AIM OF THE EXERCISE
Below are the records to retype. Keep every character exactly and leave out the pictures.
=== Section Start ===
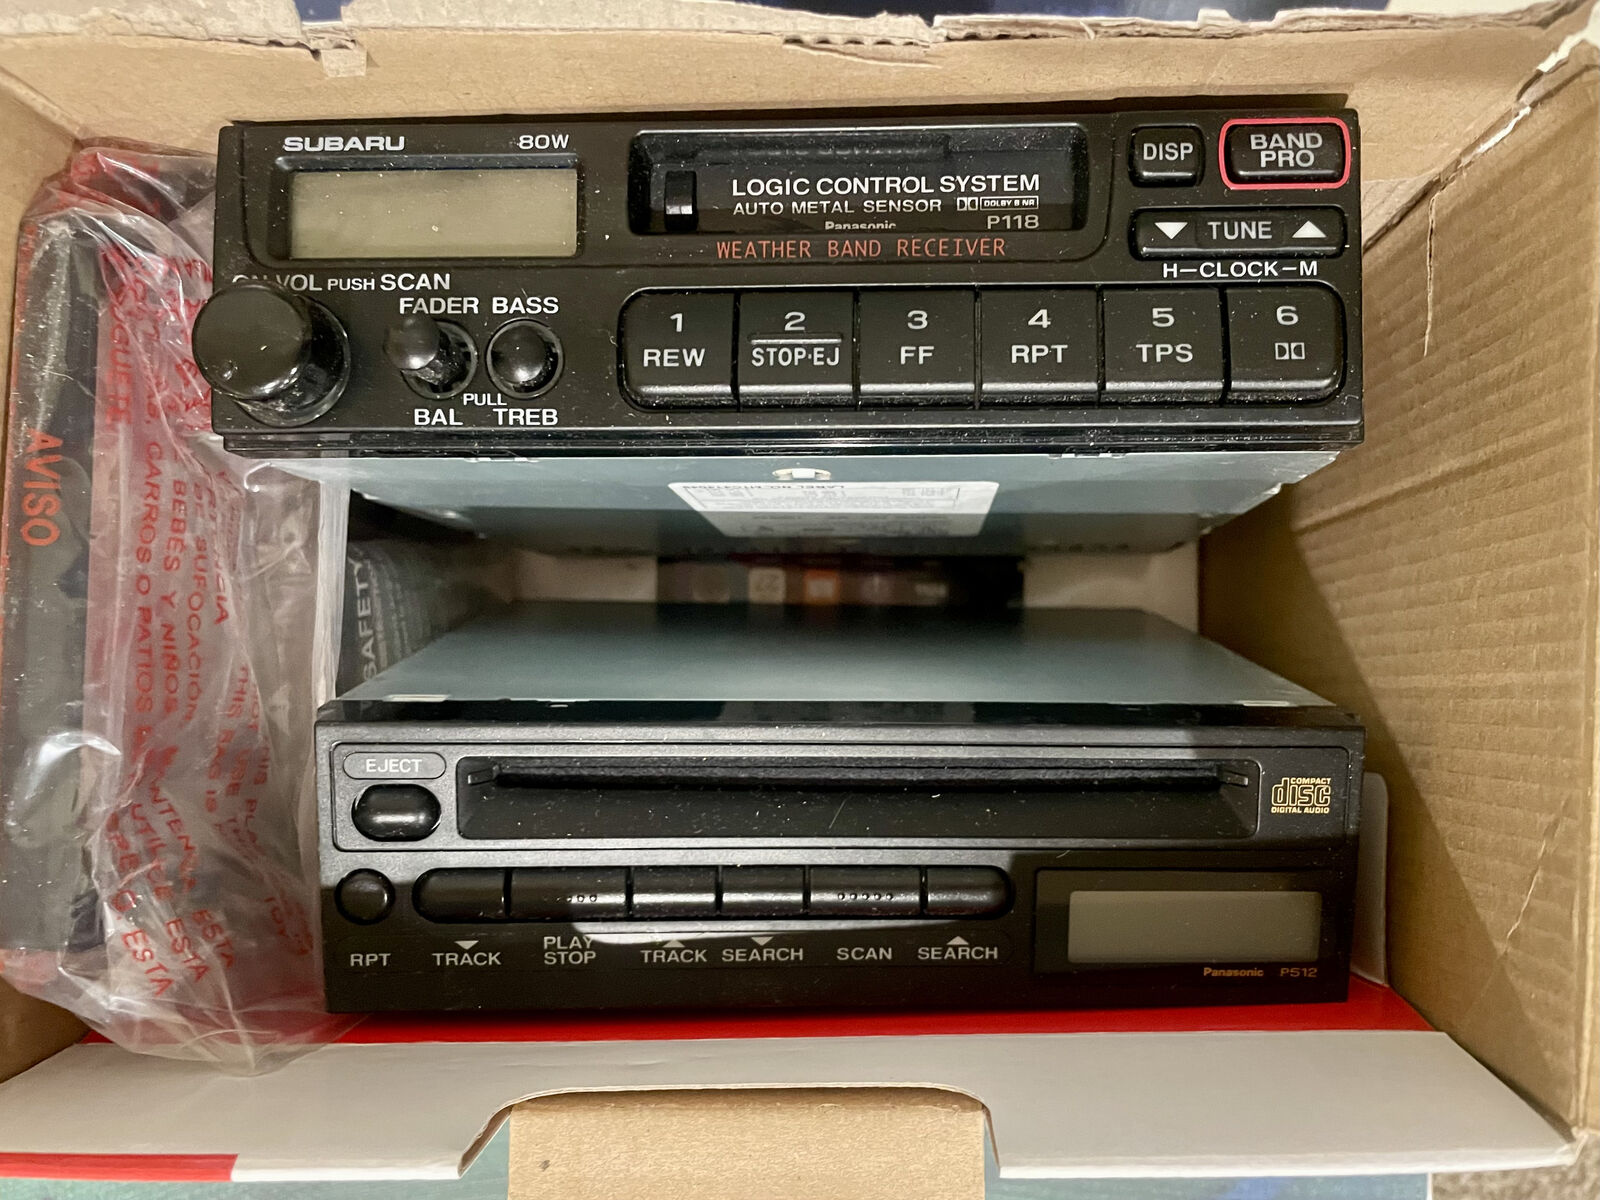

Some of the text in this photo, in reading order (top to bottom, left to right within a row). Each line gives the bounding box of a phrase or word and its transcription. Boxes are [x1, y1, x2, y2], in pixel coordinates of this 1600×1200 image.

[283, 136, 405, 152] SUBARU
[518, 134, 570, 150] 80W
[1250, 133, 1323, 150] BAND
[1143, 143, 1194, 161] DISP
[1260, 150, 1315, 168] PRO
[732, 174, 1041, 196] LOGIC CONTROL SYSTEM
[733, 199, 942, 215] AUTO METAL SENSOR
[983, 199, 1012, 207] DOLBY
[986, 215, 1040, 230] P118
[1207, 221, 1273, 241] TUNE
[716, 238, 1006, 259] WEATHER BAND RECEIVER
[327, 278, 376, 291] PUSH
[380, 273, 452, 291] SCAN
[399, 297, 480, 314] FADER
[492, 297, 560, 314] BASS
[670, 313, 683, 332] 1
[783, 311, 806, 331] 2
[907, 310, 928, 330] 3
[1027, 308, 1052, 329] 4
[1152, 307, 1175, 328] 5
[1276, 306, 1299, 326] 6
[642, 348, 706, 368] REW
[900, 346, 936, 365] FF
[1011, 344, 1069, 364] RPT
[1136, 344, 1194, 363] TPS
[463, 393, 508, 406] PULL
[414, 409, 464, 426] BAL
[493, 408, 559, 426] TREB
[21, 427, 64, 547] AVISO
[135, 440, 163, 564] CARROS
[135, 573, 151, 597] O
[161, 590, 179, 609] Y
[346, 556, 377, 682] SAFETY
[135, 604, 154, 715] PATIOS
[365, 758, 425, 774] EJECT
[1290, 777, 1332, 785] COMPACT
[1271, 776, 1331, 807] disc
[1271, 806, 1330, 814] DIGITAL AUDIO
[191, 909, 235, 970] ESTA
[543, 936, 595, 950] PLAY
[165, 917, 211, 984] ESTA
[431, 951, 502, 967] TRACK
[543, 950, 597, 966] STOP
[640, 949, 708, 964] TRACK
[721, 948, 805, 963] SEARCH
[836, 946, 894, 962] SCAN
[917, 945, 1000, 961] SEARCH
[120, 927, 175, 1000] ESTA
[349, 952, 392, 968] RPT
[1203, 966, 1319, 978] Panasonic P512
=== Section End ===
EXPECTED ANSWER
Some of the text in this photo, in reading order (top to bottom, left to right within a row). Each line gives the bounding box of a phrase or word and its transcription. Boxes are [x1, y1, x2, y2], in pixel coordinates of this 1600×1200 image.

[283, 136, 405, 152] SUBARU
[518, 134, 570, 150] 80W
[1250, 133, 1323, 150] BAND
[1143, 143, 1194, 161] DISP
[1260, 150, 1315, 168] PRO
[732, 174, 1041, 196] LOGIC CONTROL SYSTEM
[733, 199, 942, 215] AUTO METAL SENSOR
[983, 199, 1012, 207] DOLBY
[986, 215, 1040, 230] P118
[1207, 221, 1273, 241] TUNE
[716, 238, 1006, 259] WEATHER BAND RECEIVER
[327, 278, 376, 291] PUSH
[380, 273, 452, 291] SCAN
[399, 297, 480, 314] FADER
[492, 297, 560, 314] BASS
[670, 313, 683, 332] 1
[783, 311, 806, 331] 2
[907, 310, 928, 330] 3
[1027, 308, 1052, 329] 4
[1152, 307, 1175, 328] 5
[1276, 306, 1299, 326] 6
[642, 348, 706, 368] REW
[900, 346, 936, 365] FF
[1011, 344, 1069, 364] RPT
[1136, 344, 1194, 363] TPS
[463, 393, 508, 406] PULL
[414, 409, 464, 426] BAL
[493, 408, 559, 426] TREB
[21, 427, 64, 547] AVISO
[135, 440, 163, 564] CARROS
[135, 573, 151, 597] O
[161, 590, 179, 609] Y
[346, 556, 377, 682] SAFETY
[135, 604, 154, 715] PATIOS
[365, 758, 425, 774] EJECT
[1290, 777, 1332, 785] COMPACT
[1271, 776, 1331, 807] disc
[1271, 806, 1330, 814] DIGITAL AUDIO
[191, 909, 235, 970] ESTA
[543, 936, 595, 950] PLAY
[165, 917, 211, 984] ESTA
[431, 951, 502, 967] TRACK
[543, 950, 597, 966] STOP
[640, 949, 708, 964] TRACK
[721, 948, 805, 963] SEARCH
[836, 946, 894, 962] SCAN
[917, 945, 1000, 961] SEARCH
[120, 927, 175, 1000] ESTA
[349, 952, 392, 968] RPT
[1203, 966, 1319, 978] Panasonic P512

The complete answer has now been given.